- [Exercise aim]:
Your answer should be the records below, repeated exactly as they stand.

——

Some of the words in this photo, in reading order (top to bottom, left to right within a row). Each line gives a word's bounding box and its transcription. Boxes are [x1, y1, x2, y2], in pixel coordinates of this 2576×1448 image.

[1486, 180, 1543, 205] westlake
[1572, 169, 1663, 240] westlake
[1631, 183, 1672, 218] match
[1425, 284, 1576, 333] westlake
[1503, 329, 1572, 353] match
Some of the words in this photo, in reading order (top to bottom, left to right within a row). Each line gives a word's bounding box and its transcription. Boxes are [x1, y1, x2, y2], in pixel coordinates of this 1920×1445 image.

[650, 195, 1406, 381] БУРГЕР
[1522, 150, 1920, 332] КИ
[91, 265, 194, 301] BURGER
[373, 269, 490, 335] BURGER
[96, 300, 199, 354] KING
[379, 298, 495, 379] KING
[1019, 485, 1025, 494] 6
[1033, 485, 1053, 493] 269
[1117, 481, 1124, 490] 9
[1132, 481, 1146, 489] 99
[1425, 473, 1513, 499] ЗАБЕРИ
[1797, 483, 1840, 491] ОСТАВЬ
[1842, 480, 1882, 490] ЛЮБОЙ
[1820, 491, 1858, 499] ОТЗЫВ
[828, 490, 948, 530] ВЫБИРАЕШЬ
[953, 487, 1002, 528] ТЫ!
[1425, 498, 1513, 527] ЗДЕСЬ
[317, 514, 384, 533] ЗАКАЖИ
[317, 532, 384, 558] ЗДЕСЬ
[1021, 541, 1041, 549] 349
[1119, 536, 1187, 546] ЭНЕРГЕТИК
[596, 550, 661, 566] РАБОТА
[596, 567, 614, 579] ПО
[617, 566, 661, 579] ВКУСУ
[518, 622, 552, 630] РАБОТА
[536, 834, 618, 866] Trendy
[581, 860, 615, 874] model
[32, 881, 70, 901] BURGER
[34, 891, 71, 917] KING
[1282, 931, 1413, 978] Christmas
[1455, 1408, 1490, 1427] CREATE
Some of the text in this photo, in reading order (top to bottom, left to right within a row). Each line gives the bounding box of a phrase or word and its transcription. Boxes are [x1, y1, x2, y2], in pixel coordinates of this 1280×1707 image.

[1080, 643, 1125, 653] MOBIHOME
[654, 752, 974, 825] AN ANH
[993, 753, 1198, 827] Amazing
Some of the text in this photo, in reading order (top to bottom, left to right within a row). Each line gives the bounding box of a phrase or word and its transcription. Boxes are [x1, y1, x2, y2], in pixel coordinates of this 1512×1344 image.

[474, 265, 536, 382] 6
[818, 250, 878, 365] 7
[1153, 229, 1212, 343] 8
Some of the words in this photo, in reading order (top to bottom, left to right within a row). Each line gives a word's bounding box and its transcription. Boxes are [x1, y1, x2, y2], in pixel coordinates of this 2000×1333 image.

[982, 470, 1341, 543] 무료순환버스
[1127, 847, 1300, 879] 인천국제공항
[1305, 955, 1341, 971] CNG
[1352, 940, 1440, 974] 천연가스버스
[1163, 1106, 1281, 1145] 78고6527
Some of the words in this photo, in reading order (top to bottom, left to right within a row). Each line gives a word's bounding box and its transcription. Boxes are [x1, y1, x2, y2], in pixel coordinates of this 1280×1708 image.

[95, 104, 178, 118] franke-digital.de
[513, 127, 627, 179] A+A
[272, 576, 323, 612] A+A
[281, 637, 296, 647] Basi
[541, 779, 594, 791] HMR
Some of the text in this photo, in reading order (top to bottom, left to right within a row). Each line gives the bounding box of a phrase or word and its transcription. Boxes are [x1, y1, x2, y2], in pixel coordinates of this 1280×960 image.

——

- [Response to this exercise]:
Some of the words in this photo, in reading order (top to bottom, left to right within a row). Each line gives a word's bounding box and its transcription. Boxes are [x1, y1, x2, y2], in pixel coordinates of this 2576×1448 image.

[1486, 180, 1543, 205] westlake
[1572, 169, 1663, 240] westlake
[1631, 183, 1672, 218] match
[1425, 284, 1576, 333] westlake
[1503, 329, 1572, 353] match
Some of the words in this photo, in reading order (top to bottom, left to right within a row). Each line gives a word's bounding box and its transcription. Boxes are [x1, y1, x2, y2], in pixel coordinates of this 1920×1445 image.

[650, 195, 1406, 381] БУРГЕР
[1522, 150, 1920, 332] КИ
[91, 265, 194, 301] BURGER
[373, 269, 490, 335] BURGER
[96, 300, 199, 354] KING
[379, 298, 495, 379] KING
[1019, 485, 1025, 494] 6
[1033, 485, 1053, 493] 269
[1117, 481, 1124, 490] 9
[1132, 481, 1146, 489] 99
[1425, 473, 1513, 499] ЗАБЕРИ
[1797, 483, 1840, 491] ОСТАВЬ
[1842, 480, 1882, 490] ЛЮБОЙ
[1820, 491, 1858, 499] ОТЗЫВ
[828, 490, 948, 530] ВЫБИРАЕШЬ
[953, 487, 1002, 528] ТЫ!
[1425, 498, 1513, 527] ЗДЕСЬ
[317, 514, 384, 533] ЗАКАЖИ
[317, 532, 384, 558] ЗДЕСЬ
[1021, 541, 1041, 549] 349
[1119, 536, 1187, 546] ЭНЕРГЕТИК
[596, 550, 661, 566] РАБОТА
[596, 567, 614, 579] ПО
[617, 566, 661, 579] ВКУСУ
[518, 622, 552, 630] РАБОТА
[536, 834, 618, 866] Trendy
[581, 860, 615, 874] model
[32, 881, 70, 901] BURGER
[34, 891, 71, 917] KING
[1282, 931, 1413, 978] Christmas
[1455, 1408, 1490, 1427] CREATE
Some of the text in this photo, in reading order (top to bottom, left to right within a row). Each line gives the bounding box of a phrase or word and its transcription. Boxes are [x1, y1, x2, y2], in pixel coordinates of this 1280×1707 image.

[1080, 643, 1125, 653] MOBIHOME
[654, 752, 974, 825] AN ANH
[993, 753, 1198, 827] Amazing
Some of the text in this photo, in reading order (top to bottom, left to right within a row). Each line gives the bounding box of a phrase or word and its transcription. Boxes are [x1, y1, x2, y2], in pixel coordinates of this 1512×1344 image.

[474, 265, 536, 382] 6
[818, 250, 878, 365] 7
[1153, 229, 1212, 343] 8
Some of the words in this photo, in reading order (top to bottom, left to right within a row). Each line gives a word's bounding box and its transcription. Boxes are [x1, y1, x2, y2], in pixel coordinates of this 2000×1333 image.

[982, 470, 1341, 543] 무료순환버스
[1127, 847, 1300, 879] 인천국제공항
[1305, 955, 1341, 971] CNG
[1352, 940, 1440, 974] 천연가스버스
[1163, 1106, 1281, 1145] 78고6527
Some of the words in this photo, in reading order (top to bottom, left to right within a row). Each line gives a word's bounding box and its transcription. Boxes are [x1, y1, x2, y2], in pixel coordinates of this 1280×1708 image.

[95, 104, 178, 118] franke-digital.de
[513, 127, 627, 179] A+A
[272, 576, 323, 612] A+A
[281, 637, 296, 647] Basi
[541, 779, 594, 791] HMR
Some of the text in this photo, in reading order (top to bottom, left to right within a row). Each line gives the bounding box of a phrase or word and its transcription. Boxes are [x1, y1, x2, y2], in pixel coordinates of this 1280×960 image.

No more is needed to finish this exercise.